4 Colorado Health Institute
Colorado’s Unmet Demand for Specialty Care
Many low-income Coloradans do not see a specialist
at all because it costs too much. This includes about
13 percent of Medicaid and Child Health Plan Plus
(CHP+) enrollees and nearly 30 percent of uninsured
Coloradans. That’s compared with only 9 percent of
commercially insured Coloradans.
The trend is the same when we compare the
experiences of people of color versus their white
counterparts. According to the CHAS, 13.6 percent
of people of color skipped specialist care due to cost
in 2017, compared with 10.3 percent of white, non-
Hispanic/Latinx Coloradans.
We also know that specialty care access varies greatly
by geography. Median wait times for specialty care
range from 6.5 days in Douglas County to 13.2 days in
some rural and frontier counties.
Colorado’s Work So Far
Efforts are underway in Colorado to address these
inequities.
For example, health care professionals are getting
around long wait times, cost barriers, and workforce
shortages using e-consults — digital communication
between a general health care professional and a
specialist to get specialty care advice without a face-
to-face patient encounter. In other words, e-consults
are generalist-to-specialist email systems.
E-consults are critical tools for addressing specialty
care needs because they do not require a patient
to schedule, get to, or pay for a face-to-face visit
with a specialist. That’s why this analysis focuses on
e-consults as a potential solution to address Colorado’s
specialty care access gaps.
Other health care providers are using telehealth
to connect patients with specialists over live video.

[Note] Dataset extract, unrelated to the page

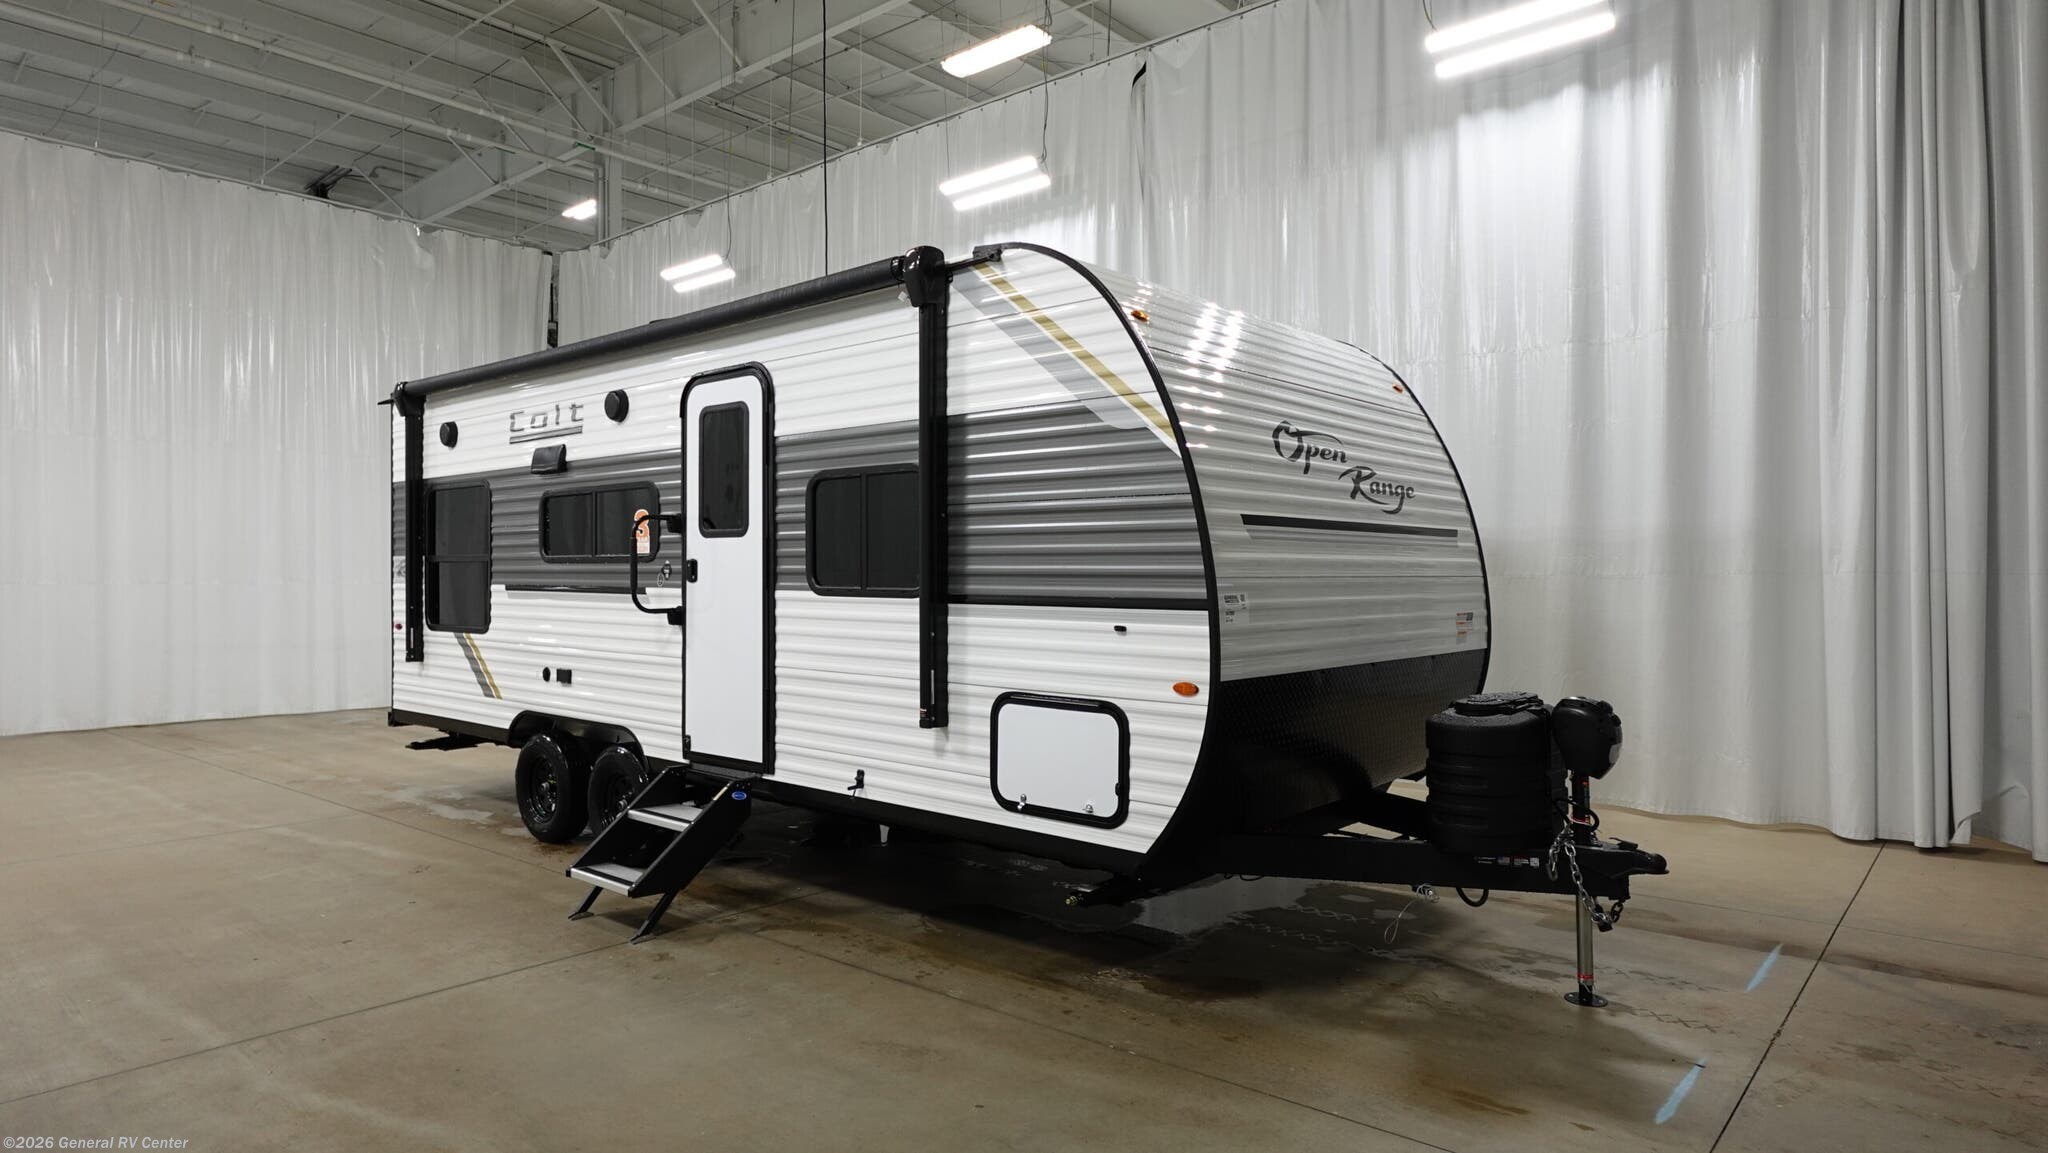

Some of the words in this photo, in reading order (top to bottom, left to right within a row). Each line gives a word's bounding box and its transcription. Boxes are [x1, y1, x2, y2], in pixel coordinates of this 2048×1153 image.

Patients can use telehealth services to get care when a
local specialist is unavailable. That said, patients who
use telehealth still need to get time with a specialist
and pay for the services.
Many primary care providers are also partnering
formally and informally with specialists to offer patients
in-person services when needed.
To connect these efforts at a high level of leadership,
CHI convened the Specialty Care Stewardship Council
(SCSC), a group of C-suite health care leaders
developing a statewide specialty care safety net. Read
more about the SCSC on page 8.
But these efforts have not closed the gaps, and each
solution has limitations. For example, e-consults are
not reimbursed by insurers. Telehealth services are, but
broadband internet access is a barrier. And specialists
earn more for treating commercially insured patients
than Medicaid members or uninsured patients. In
so doing, they avoid low Medicaid reimbursement
and billing challenges and socioeconomic factors
that make it harder for some patients to keep
appointments and adhere to their care plan, such
as lack of transportation and comorbidities such as
substance use and mental illness.
With support from the Telligen Community Initiative,
CHI set out to quantify the problem and find ways to
solve it.
How We Did It
CHI conducted this research for a first-ever
quantification of the unmet demand for specialty
care in Colorado.
We used a complex analysis overlaying several
data sources in our research process:
1. Identify the amount of specialty care
Coloradans receive. We used 2016 Medical
Expenditure Panel Survey (MEPS) data to
estimate specialty care utilization rates by
insurance type.
2. Identify how much specialty care
Coloradans should receive. We assumed
that commercially insured rates of specialist
visits — adjusted for different population
health needs — were the “right” amount of
specialty care patients should receive. We set
these rates of use as the target to be met by
Medicaid members and uninsured patients.
3. Compare these two amounts to find gaps
in services. We compared the Medicaid and
uninsured population specialty care utilization
rates to the commercially insured utilization
rates to identify gaps in care by specialty and
insurance group.
4. Identify tools and financing options that
can address the gaps. We reviewed the
literature to find the number of specialty care
visits that could be addressed using e-consults.